Ever since widgets 'appeared' I have thought of them as second class citizens insofar as:

1. They are 'bits of stuff' where experts (the LiveCode team and so on) have done the heavy lifting for those of us who haven't got the skill, motivation or time to work out how to get that sort of thing together
in LiveCode itself.

2. I certainly never get into widgets when I teach computer programming for a number of reasons:

2.1. While I teach children to program with LiveCode, the ultimate aim is to equip them with a series of transferrable skills they can take 'to the table' of any programming language: the ability to drop in a prepackaged 'does-it-for-you' add-on (one of the things that sets my teeth on edge about Python)
does not, as far as I am concerned, constitute computer programming as such.

Of course people might start shouting at me, at this point, and say, "Well then, why don't you go back to command-line programming?", to which my riposte is, "That's why I START my programming with teenagers (it's a bit too much for preteens) with BASIC programming on my BBC Micro machines I have lovingly curated in my school."

After a day or two with BBC BASIC on a black screen teenagers will "do anything for me" when they see the, supposedly,
old-fashioned LiveCode IDE and the ever-so-sexy WYSIWYG GUI.

2.2. While a LiveCode button can be examined via its property inspector, a widget largely cannot,
so a learner cannot really begin to understand how it is put together.

3. Widgets are, undoubtedly very clever insofar as they provide tools and services out of the box, and types like myself don't have to spend an awful lot of effort working out how to roll our own.

4. I suppose the 'price' of a widget is just exactly that one cannot really get t its underpinnings (properties)
in quite the way one can withg a native LiveCode object.

Having said all this, I don't use widgets (beyond fooling around with them when I have a spare moment), and on my teaching computers the widgets section of the revTools palette is never exposed.

Were widgets to be "integrated" into LiveCode as per buttons, fields, images and so forth, with properties palettes allowing a vast number of variables to be accessible, my attitude towards them might change; but that seems unlikely to happen as they are quite different beasts to buttons, fields, images and so on.

Best, Richmond.

On 7.04.22 9:24, Richard Gaskin via use-livecode wrote:
Thank you for your reply, Monte. Comments inline:

Monte Goulding wrote:
>> On 7 Apr 2022, at 11:25 am, Richard Gaskin wrote:
>> Can you help me understand how it's better than "the properties",
>> and why this superior method isn't used for engine controls?
>
> Because the array created by export and used by import contains
> the state of the widget as is saved when saving the stack. The
> content may or may not be the same as the property names exposed
> to user scripts but a widget created with that state should be
> the same as if it were saved in the stack and the stack re-opened.

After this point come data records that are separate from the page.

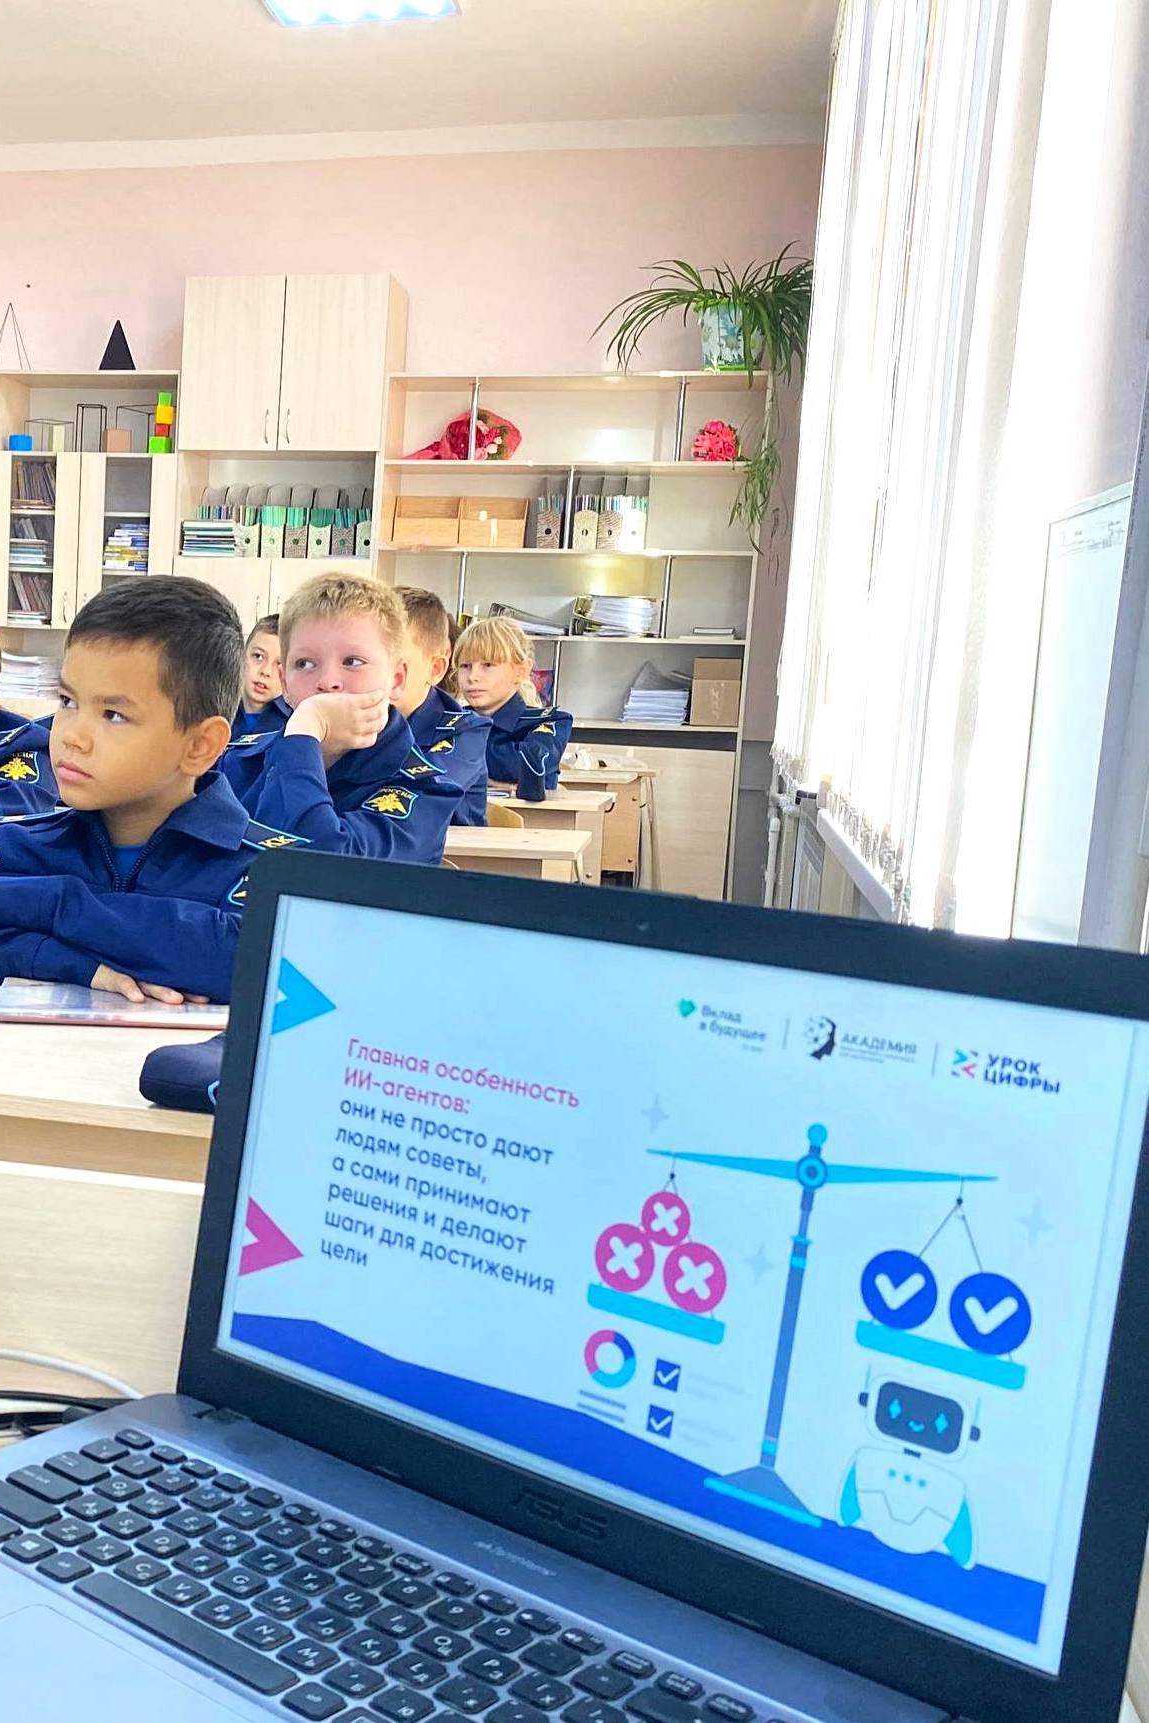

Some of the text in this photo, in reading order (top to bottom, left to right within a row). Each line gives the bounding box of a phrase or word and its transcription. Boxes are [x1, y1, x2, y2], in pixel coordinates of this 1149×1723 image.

[841, 1033, 917, 1054] АКАДЕМИЯ
[987, 1053, 1041, 1075] УРОК
[343, 1066, 471, 1115] ИИ-агентов:
[347, 1038, 580, 1108] Главная особенность
[984, 1069, 1060, 1094] ЦИФРЫ
[335, 1126, 487, 1184] людям советы,
[339, 1099, 555, 1166] они не просто дают
[327, 1181, 527, 1254] решения и делают
[332, 1156, 532, 1224] а сами принимают
[321, 1238, 368, 1267] цели
[324, 1210, 556, 1295] шаги для достижения

I've never used a widget in production yet, so I can't say I have an opinion there.  If the uses for widgets are viewed as sufficiently different from engine-based controls that "the properties" so many of us enjoy wouldn't apply, I'm okay with that. Just looking to understand.

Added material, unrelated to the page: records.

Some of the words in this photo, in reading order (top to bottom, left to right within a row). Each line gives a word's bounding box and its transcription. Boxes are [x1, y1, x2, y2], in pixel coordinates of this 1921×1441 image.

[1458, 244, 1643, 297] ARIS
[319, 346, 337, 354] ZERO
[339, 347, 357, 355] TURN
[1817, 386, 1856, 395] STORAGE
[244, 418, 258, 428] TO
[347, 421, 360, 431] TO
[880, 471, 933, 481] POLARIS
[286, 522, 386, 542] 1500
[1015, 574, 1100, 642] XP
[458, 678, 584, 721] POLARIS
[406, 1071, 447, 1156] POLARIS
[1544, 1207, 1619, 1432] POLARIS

>> That the company has such a narrowly specific view of the
>> applicability of "the properties" is indeed helpful. Thank
>> you for chiming in.
>
> I’m not the company.

Pardon my imprecision. I think the readers here are likely aware that the company is comprised of many people, and there are likely many different opinions on a wide range of topics, including this.  Please read that as "a significant member of the company".


> Mark may spend a lot more time pondering the utility of `the
> properties` than I do and indeed may have a different opinion.
> Indeed my opinion was much closer to yours is now when I sent
> in a PR for LC 6.1 all those years ago ;-)

One of the challenges with a tool as vastly capable as LiveCode is wrapping one's head around all the use-cases, and all the perceived priorities.  Various members of the company and the community have expressed a wide range of opinions on many things.

If "the properties" winds up being like the pointer tool requests I used to ask about, no worries. I stopped asking about those years ago.

Indeed, even with "the properties" I've had a few discussions on this with different team members going back to Dr Brett, back when LCB was in its earliest stages.

In my own mind having two different methods for obtaining property data for two classes of objects is akin to having two different words for "rect" or other basic features.  Where a useful implementation has been chosen and established so long ago, it seems worth mirroring in new implementations.

But TBH, since I haven't used widgets in production at all, the only time it comes to mind is when someone asks me about it for one of my tools, or in discussions like this one. This seemed a good time to see what the current vision is. I appreciate the clarity provided.


>> How hard would it be for the team to map the existing means of
>> extracting widget properties to "the properties”?
>
> I don’t think it would be particularly tricky to iterate the exported
> property definitions to come up with a list of property names then
> turn that into a key/value array. Whether it would provide the utility
> you are looking for is a separate question.

If it does what "the properties" does it would suit my needs.